While he was at Padua, Galileo was retained by the Grand Duchess Christina of Lorraine (1565-1637) to tutor her eldest son, Cosimo II de’ Medici. The granddaughter of Catherine de’ Medici, Christina re-cemented her ties to the family in 1589, when she married Ferdinando I de’ Medici of Florence. When Christina’s husband died in 1609, Cosimo succeeded him as Grand Duke of Tuscany, and Christina stayed on at the court. 

Following the great discoveries he made with the newly invented telescope, published early in 1610 in Sidereus nuncius, Galileo became famous and in June 1610 he returned from Padua to his native Tuscany as Chief Mathematician and ‘Mathematician and Philosopher’ to the Grand Duke, Cosimo II. Galileo gave Cosimo the telescope with which he discovered the four moons of Jupiter in 1610, naming them the “Medicean stars” in his honor. After Galileo joined the Medici court, he became better acquainted with the Duchess (who was actually a year younger than Galileo), and on several occasions she asked Galileo how the Copernican idea of a moving earth could be compatible with those passages of Scripture that discuss a fixed earth and a moving sun.

“What precipitated the letter was actually a conversation at a dinner party given by … Christina of Lorraine. She had voiced concern about the new Copernican system in view of the prevailing interpretations of the Scriptures, especially those texts that spoke of the earth as stationary. Father Benedetto Castelli, a Benedictine monk and a friend of Galileo, tried to allay her doubts and to counter the objections of Cosimo Boscaglia, a Pisan professor, who was also present. Castelli had succeeded Galileo in the chair of mathematics at the University of Pisa and was aware of the growing opposition to Galileo’s views on astronomy and physics from Boscaglia and others, such as the Florentine philosopher Ludovico delle Colombe. Their antipathy had been growing since the publication of Galileo’s Sidereus nuncius in 1610, describing his discoveries with the telescope and the inferences he drew from them. His critics thought he claimed too much in view of the Scriptures and the province of natural philosophy. Castelli reported by letter on the argument, outlining his own answers, which he felt effectively refuted the contentions of Professor Boscaglia.

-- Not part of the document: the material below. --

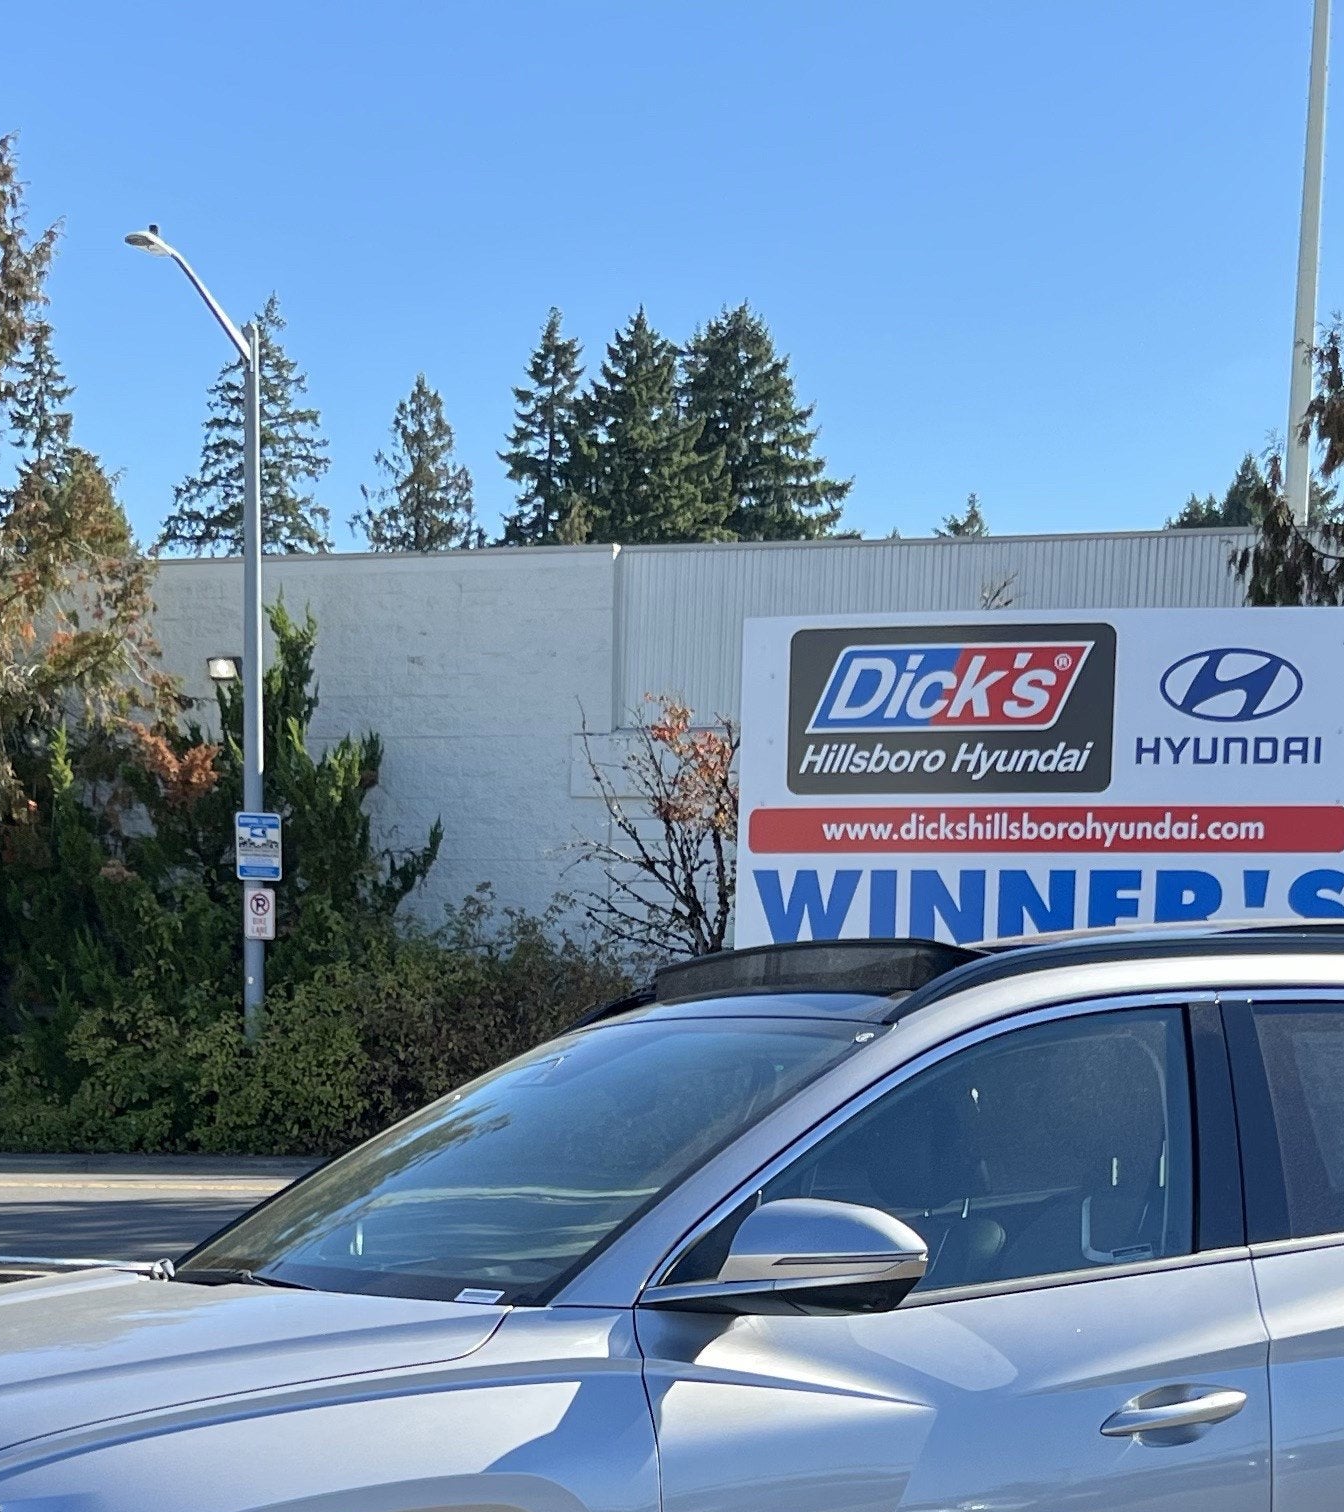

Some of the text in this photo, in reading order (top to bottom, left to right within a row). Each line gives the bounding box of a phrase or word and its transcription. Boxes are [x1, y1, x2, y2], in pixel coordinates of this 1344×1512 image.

“Fearing perhaps a threat to his position as the Tuscan court philosopher and mathematician, Galileo gathered his observations on the problem and sent them to Castelli, and the monk seems to have widely circulated copies of the missive. During the year following the exchange, anti-Galileist sentiment grew in Florence among friends and supporters of Colombe. On December 14, I614, the Dominican Tomasso Caccini preached a sermon in Santa Maria Novella attacking Galileo, reputedly by using a pun on the text of Acts I:1, ‘ye men of Galilee [Galileo], why stand ye gazing up into heaven?’ About the same time another Dominican friar, Niccolo Lorini, sent to the Holy Office a replica of Galileo’s letter to Castelli, which seems to have contained some alterations by an unknown hand that rendered the thought suspect of heresy. Upon hearing of this Galileo retrieved the original and sent his own authenticated copy to his friend Bishop Piero Dini in Rome. He asked that it be shown to influential clerics, Cardinal Bellarmine among them, to aid in the defense of the Copernican system, rumored to be facing condemnation. At the same time, mid-February of 1615, he told Bishop Dini that he was at work on an amplified version of the letter that he would send to him soon. Galileo took much more time than he had anticipated, however, probably because he decided to consult theologians in order to buttress his views with references to the Scriptures and the Church Fathers. He evidently pressed Castelli and others into helping him in this. A letter from Castelli in January 1615 mentions that he will send on to Galileo some opinions of St. Augustine and other recognized authorities, which had been compiled by a Barnabite priest on the subject of the proper relationship of science to Scripture.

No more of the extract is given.